Work required: Your answer should be the line containing "this 1707×1280 image." and every line after it to the end of the records below, word for word.

▼▼▼

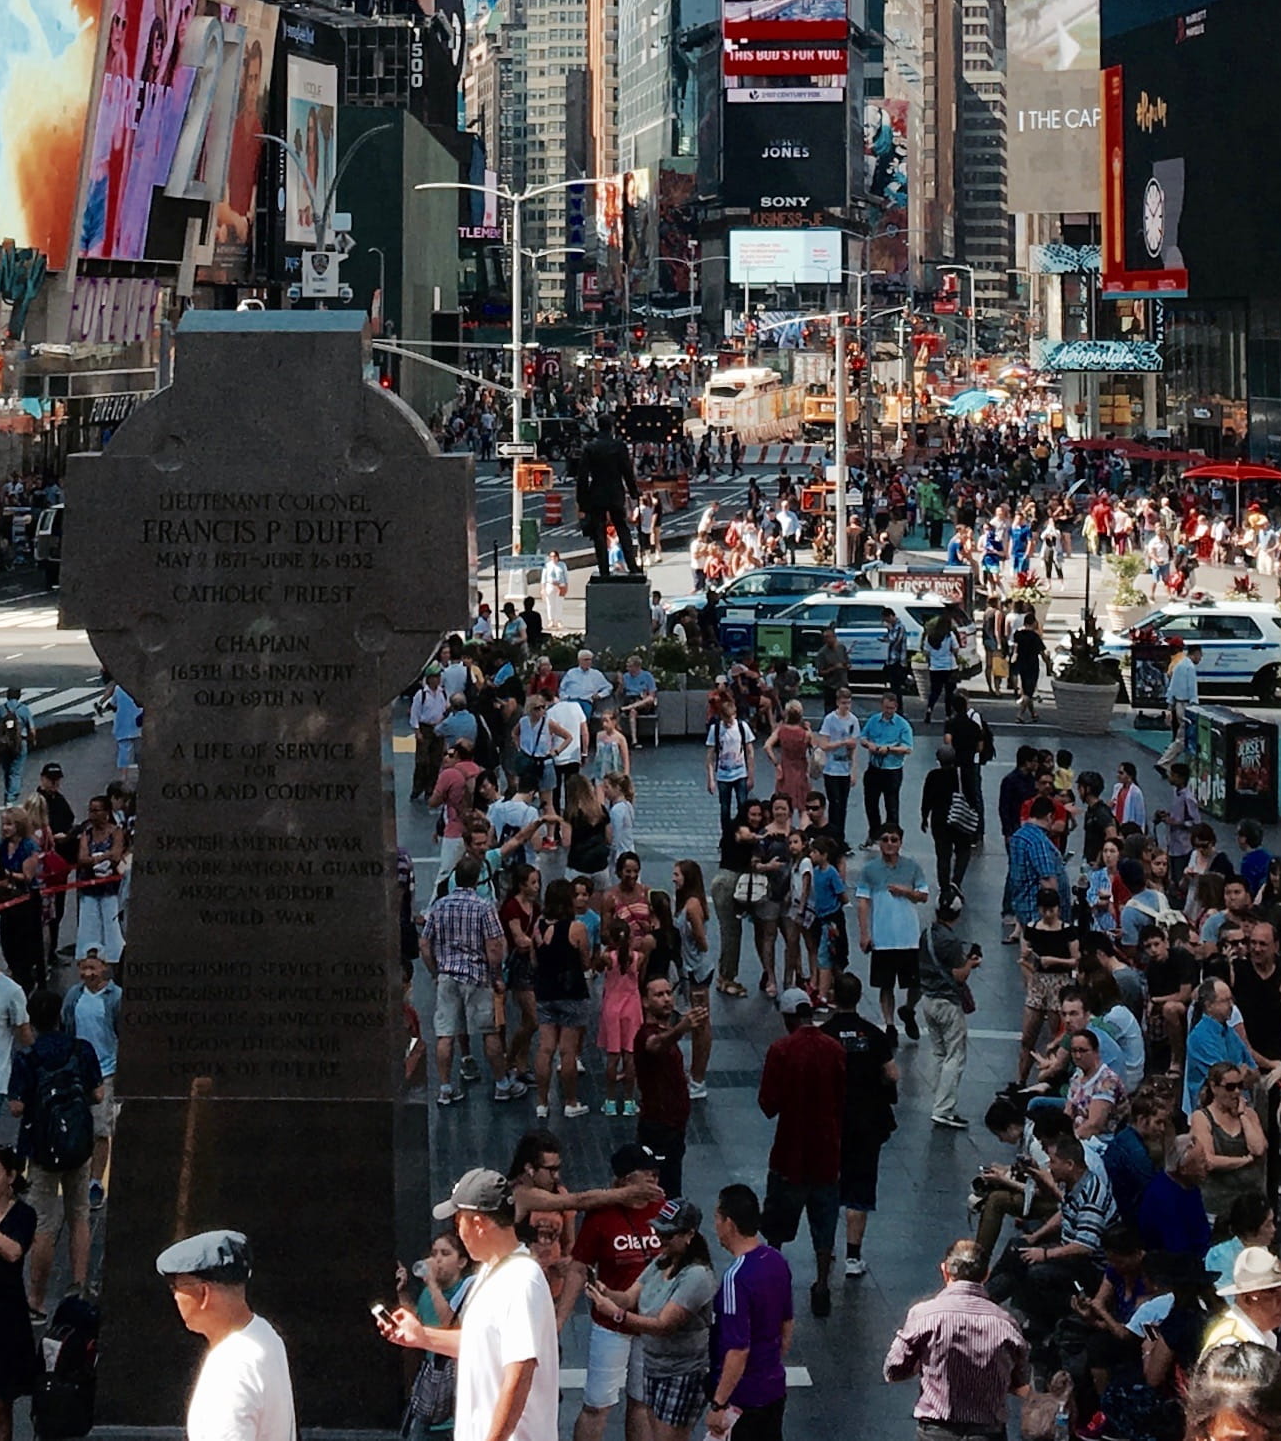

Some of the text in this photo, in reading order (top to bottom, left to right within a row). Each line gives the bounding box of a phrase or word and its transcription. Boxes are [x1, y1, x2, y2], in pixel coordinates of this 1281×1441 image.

[1029, 111, 1062, 129] THE
[762, 146, 810, 159] JONES
[760, 196, 811, 207] SONY
[159, 493, 372, 512] LIEUTENANT COLONEL
[141, 520, 391, 544] FRANCIS P DUFFY
[156, 552, 374, 569] MAY 1932
[173, 585, 356, 603] CATHOLIC PRIEST
[194, 690, 234, 706] OLD
[194, 744, 232, 760] LIFE
[275, 744, 355, 760] SERVICE
[161, 783, 360, 800] GOD AND COUNTRY
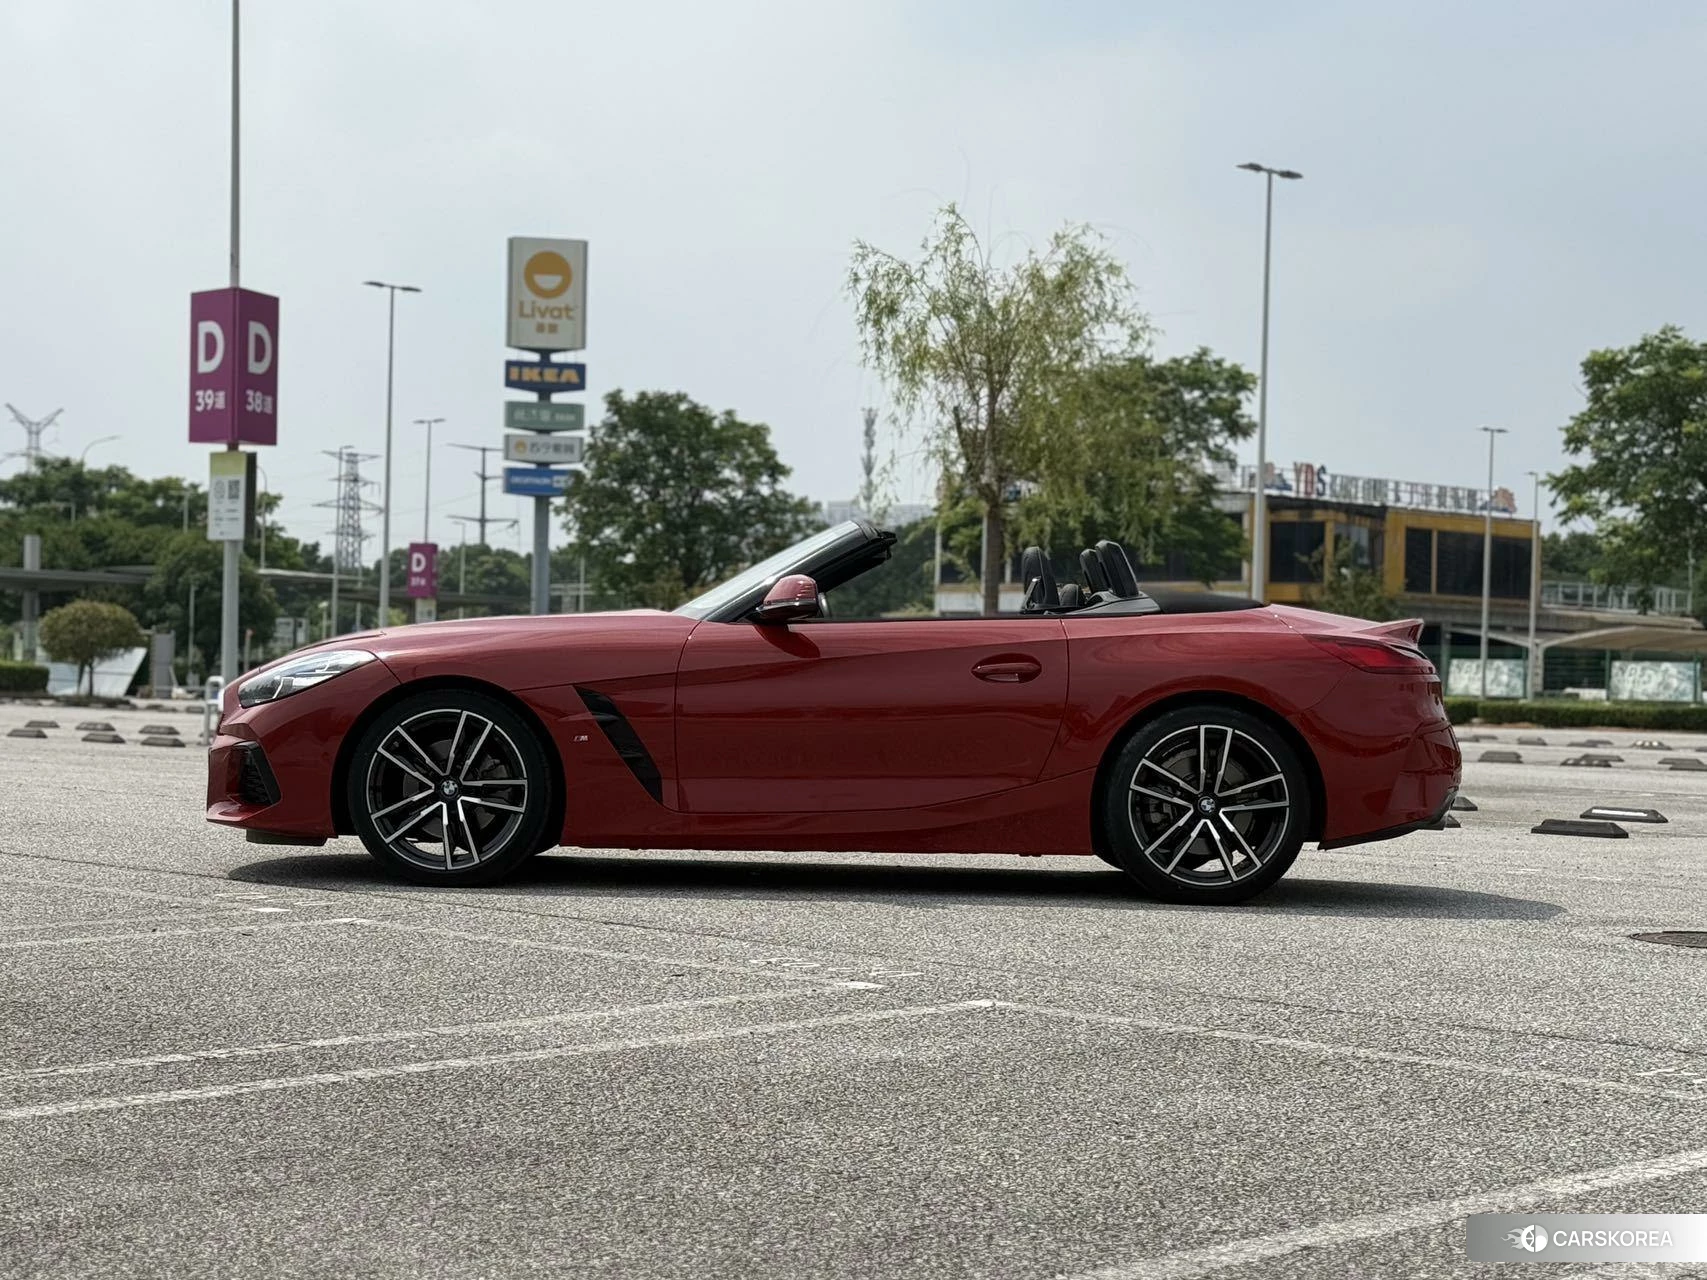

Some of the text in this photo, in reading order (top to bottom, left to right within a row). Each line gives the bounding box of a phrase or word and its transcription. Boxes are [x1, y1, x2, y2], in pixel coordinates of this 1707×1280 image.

[518, 300, 576, 321] Livat
[197, 320, 226, 375] D
[247, 320, 273, 375] D
[508, 366, 580, 385] IKEA
[411, 552, 427, 574] D

▲▲▲

The completed task:
Some of the text in this photo, in reading order (top to bottom, left to right within a row). Each line gives the bounding box of a phrase or word and its transcription. Boxes are [x1, y1, x2, y2], in pixel coordinates of this 1707×1280 image.

[518, 300, 576, 321] Livat
[197, 320, 226, 375] D
[247, 320, 273, 375] D
[508, 366, 580, 385] IKEA
[411, 552, 427, 574] D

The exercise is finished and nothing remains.